In Japan, the series was collected into 12 collected tankōbon volumes published by Shogakukan. In North America, an English-language translation of Voyeur and the first three volumes of Voyeurs, Inc. were published by Viz Media, which also serialized the series in its manga magazine Pulp. Pulp simultaneously serialized Voyeurs, Inc. and Short Cuts by Usamaru Furuya, both of which include prostitution as subject material; as such, it published "Vulgarity Drifting Diary", a column by sex worker Hikaru Natsumi, to provide an alternate perspective on the issue.

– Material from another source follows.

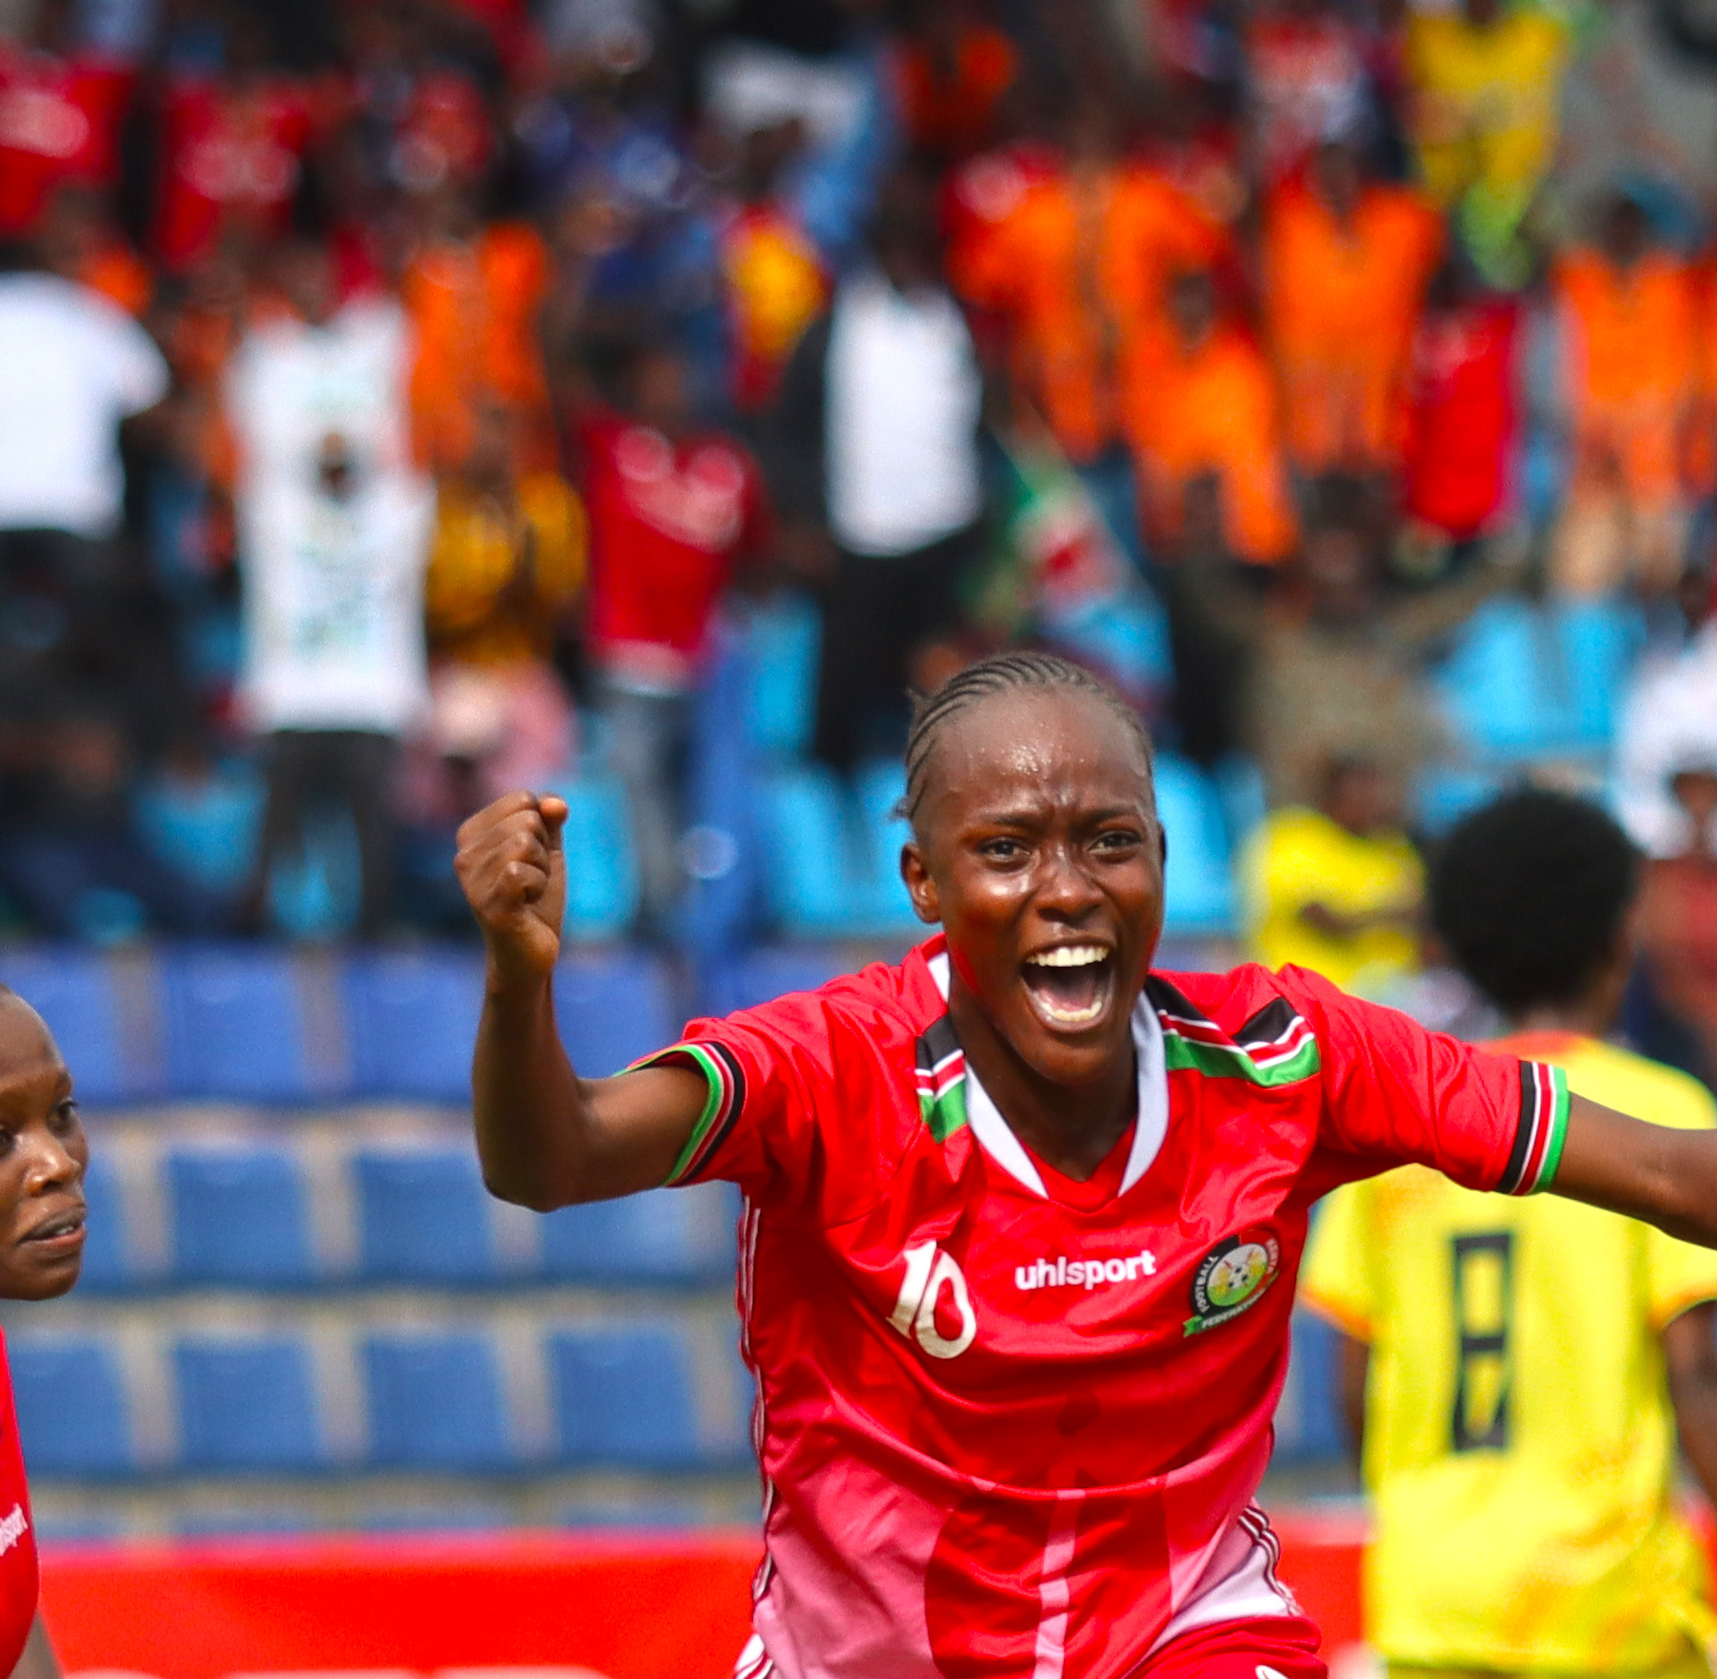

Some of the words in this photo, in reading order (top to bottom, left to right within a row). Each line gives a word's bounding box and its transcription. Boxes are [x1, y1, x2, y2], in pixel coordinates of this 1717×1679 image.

[885, 1239, 978, 1360] 10
[1014, 1249, 1157, 1291] uhlsport
[1449, 1229, 1515, 1453] 8

| No. | Original release date | Original ISBN | English release date | English ISBN |
|---|---|---|---|---|
| 0 | January 1993 | 978-4091514417 | May 6, 1999 | 978-1569313664 |
| 1 | March 1994 | 978-4091514424 | May 6, 2000 | 978-1569315095 |
| 2 | July 1994 | 978-4091514431 | May 8, 2001 | 978-1569315675 |
| 3 | January 1995 | 978-4091514448 | January 9, 2002 | 978-1569316504 |
| 4 | May 1995 | 978-4091514455 | – | — |
| 5 | October 1995 | 978-4091514462 | – | — |
| 6 | March 1996 | 978-4091514479 | – | — |
| 7 | April 1996 | 978-4091514486 | – | — |
| 8 | August 1996 | 978-4091514493 | – | — |
| 9 | November 1996 | 978-4091514509 | – | — |
| 10 | March 1997 | 978-4091515209 | – | — |
| 11 | May 1997 | 978-4091521118 | – | — |

===Live-action film===
In 1995, Voyeurs, Inc was adapted into a live action film by Toei under the title Nozokiya. The film was directed by Tadafumi Tomioka and starred Shunsuke Matsuoka as Ken, Asaka Seto as Reika, Takanori Jinnai as Cho, and Jun Murakami as Smile.

===Television drama===
In 2007, Voyeurs, Inc was adapted into a live-action television drama that aired on TV Tokyo under the title Nozokiya. The series was directed by Kiyoshi Yamamoto and written by Yasutoshi Murakawa, and aired from April 2 to July 2, 2007.

==Reception==
In his review of Voyeur for the American manga magazine Manga Max, Lee Brimmicombe-Wood described the series as "disturbing and provocative", and "a brave strip for Viz to publish". Christopher Kinsey of Anime Outsiders praised the series' writing and art style, noting that the style of the latter "gives you a breather from the rather weighty" subject material of the series.